Employers should refrain from unreasonable surveillance methods and aim to protect their employees’ rights (as defined under the California Constitution).
If an employer takes advantage of excessive surveillance methods or harshly invades an employee’s privacy, the employer may be held liable.
To file such a suit or bring an invasion of privacy claim before the state of California, you must establish three key elements:
- alegally protected interest of privacy
- a reasonable expectation of privacy
- and a serious invasion of privacy
An attorney can help you decipher and identify each of these three pillars of workplace privacy invasion. Once you’ve exhibited the three elements (listed above), your employer will have an opportunity to demonstrate whether his intrusion was motivated by a business reason.
Note: An employer can monitor workplace communications related to the business or establishment.
A California employer may be liable if they violate your reasonable expectation of privacy in several circumstances.
Intrusion upon Seclusion
In this case, your employer intrudes upon your solitude or your private affairs.

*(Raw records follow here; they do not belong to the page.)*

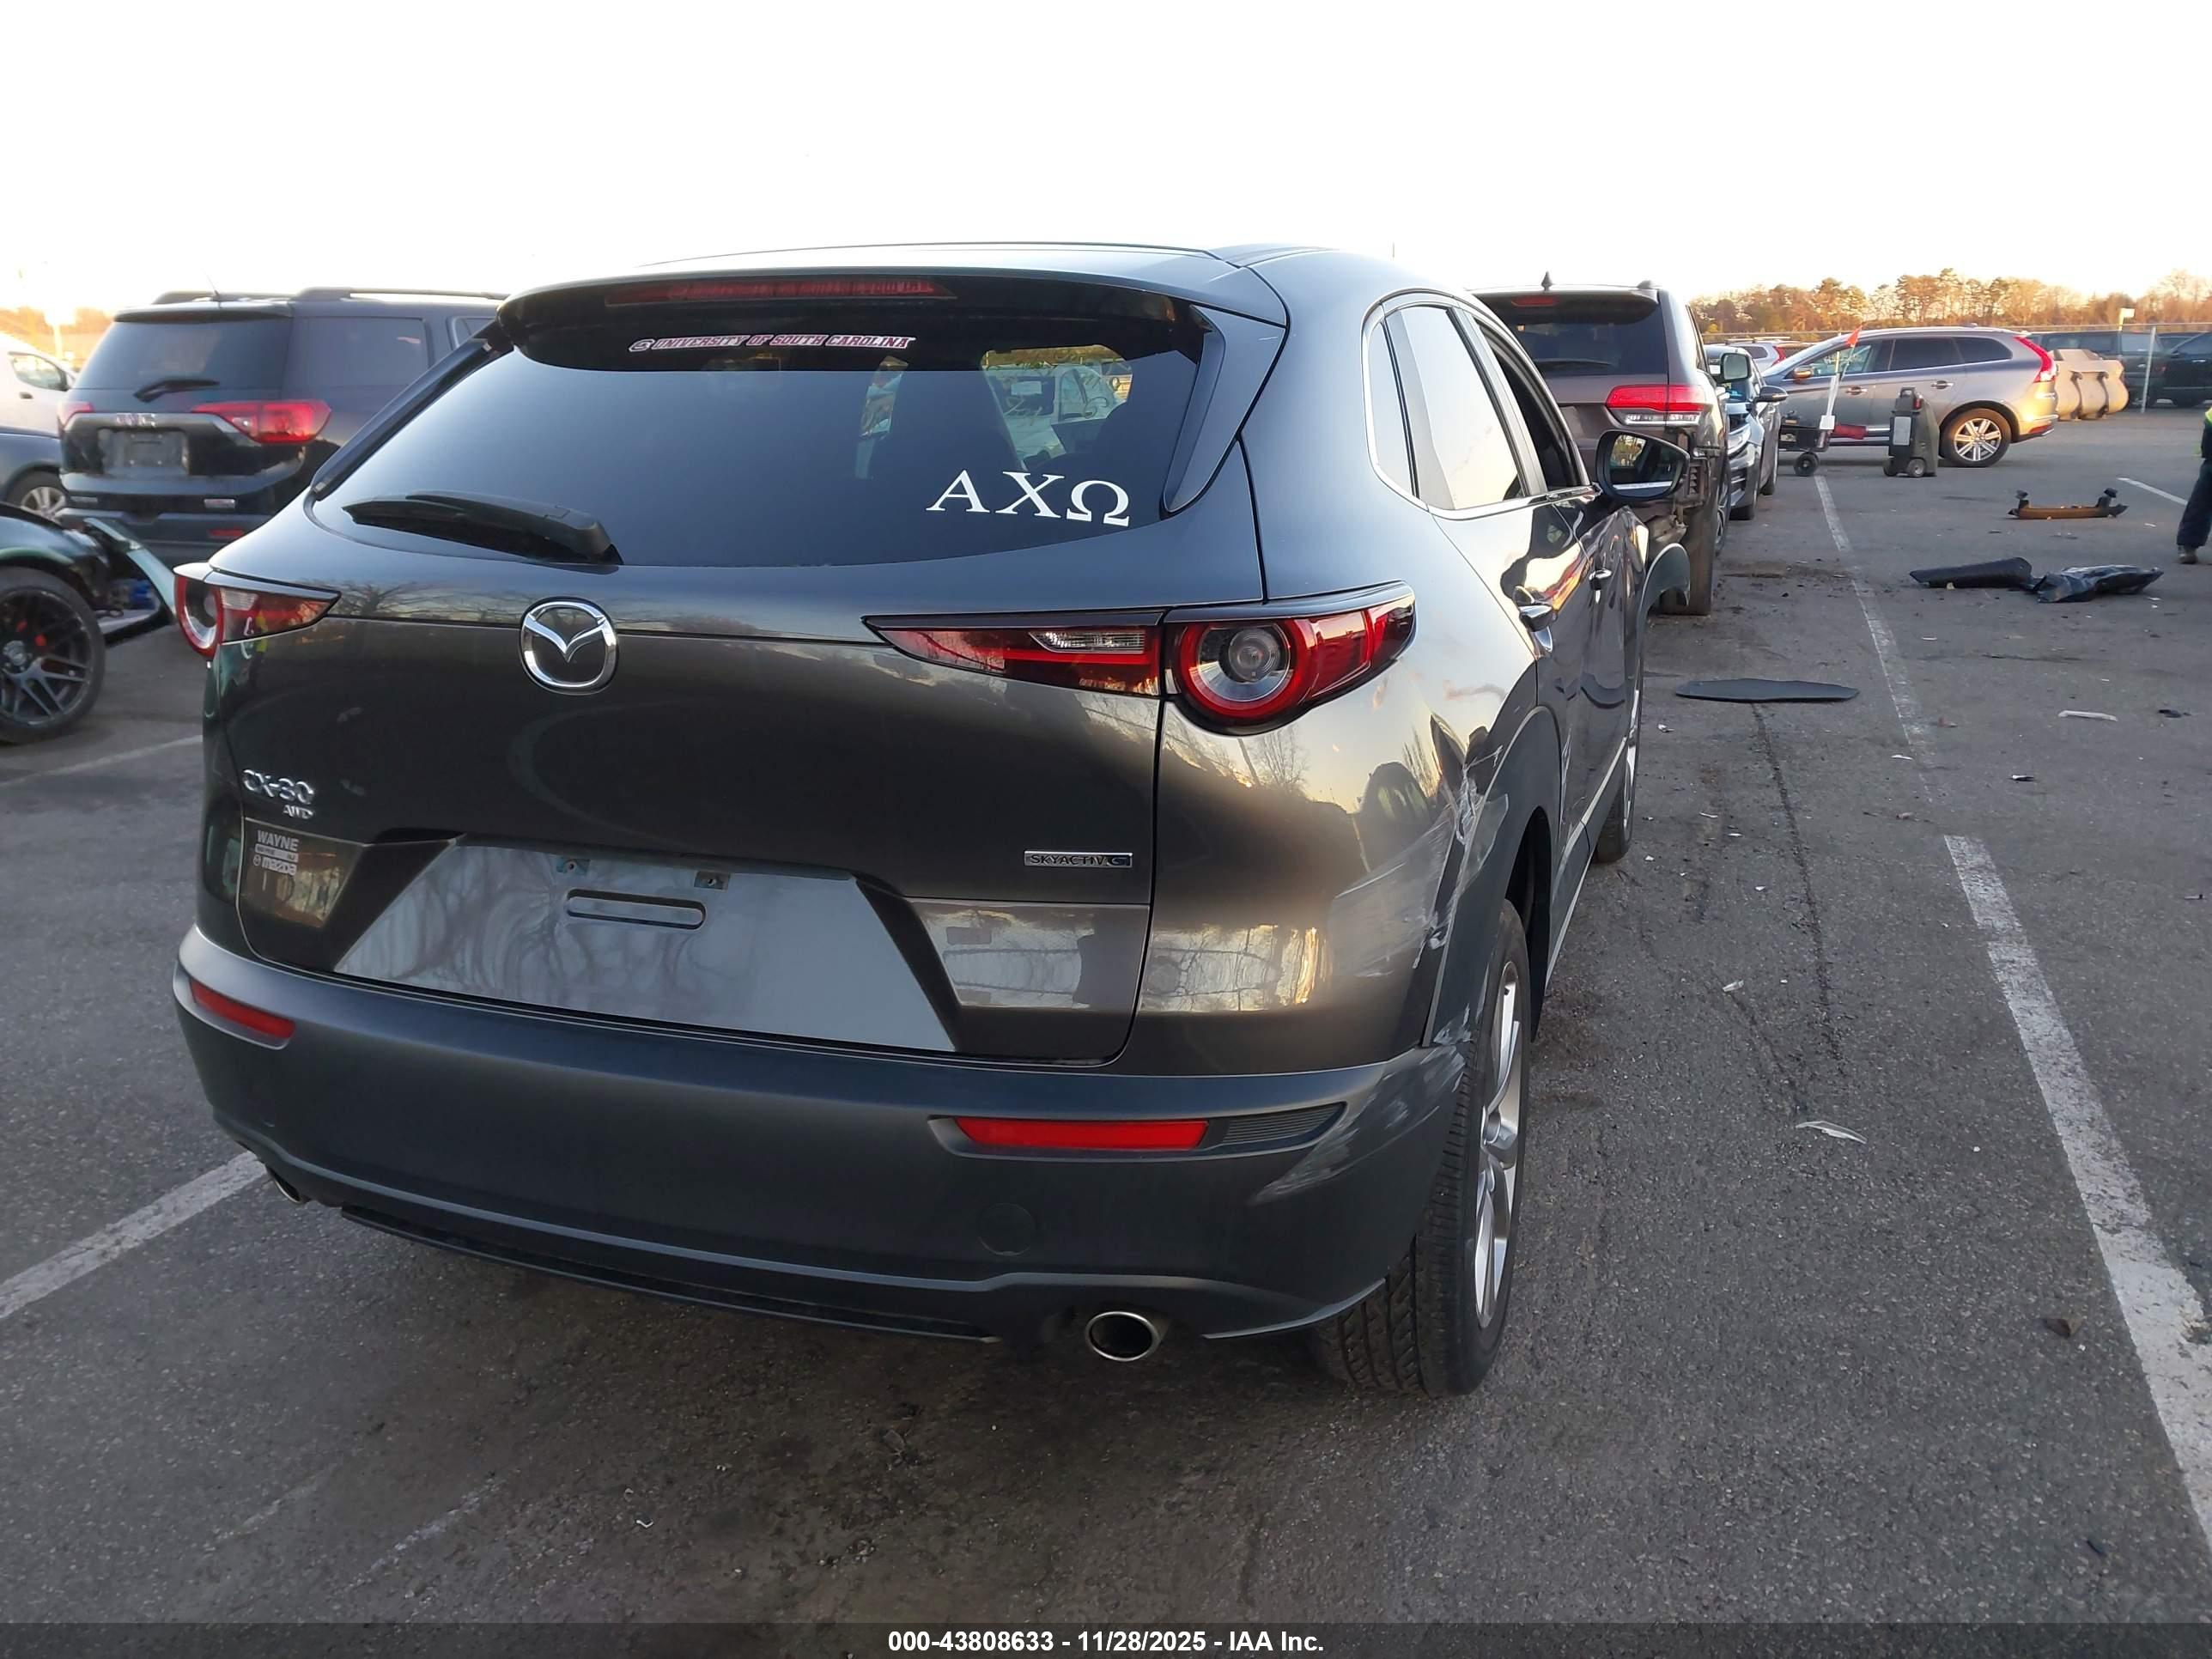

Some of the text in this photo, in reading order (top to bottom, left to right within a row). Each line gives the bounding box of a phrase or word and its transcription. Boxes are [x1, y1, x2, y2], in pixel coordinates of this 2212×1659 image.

[652, 335, 915, 349] UNIVERSITY OF SOUTH CAROLINA
[242, 769, 314, 805] CX-30
[283, 805, 313, 819] AWD
[258, 830, 300, 852] WAYNE
[262, 857, 297, 875] mazda

An example of an employer intruding on their employee’s solitude would be prying into an employee’s private affairs. For instance, if the employer reads the employee’s private emails on the employee’s personal phone, the employer can be held liable for the intrusion of solitude.
You may hold your employer liable for the intrusion of solitude with the help of an attorney
Your claim is likely to be successful if it demonstrates your employer’s actions would be strongly offensive to a reasonable person.

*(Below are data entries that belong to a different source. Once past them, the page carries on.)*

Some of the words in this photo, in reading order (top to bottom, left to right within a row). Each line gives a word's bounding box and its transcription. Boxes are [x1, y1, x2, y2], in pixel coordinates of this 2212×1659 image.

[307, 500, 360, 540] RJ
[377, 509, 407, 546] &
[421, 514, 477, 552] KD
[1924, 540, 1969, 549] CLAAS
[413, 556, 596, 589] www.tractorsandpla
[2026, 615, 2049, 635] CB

Appropriation of Name or Likeness
Should your employer use your name or your likeness for their own personal gains or benefit without asking for your consent, this would be an invasion of privacy, and you could file a claim.
Note: Be sure to check any paperwork you may have signed for your employer that could have included a waiver asking for your permission in such instances. In this case, you may not have a strong claim against your employer.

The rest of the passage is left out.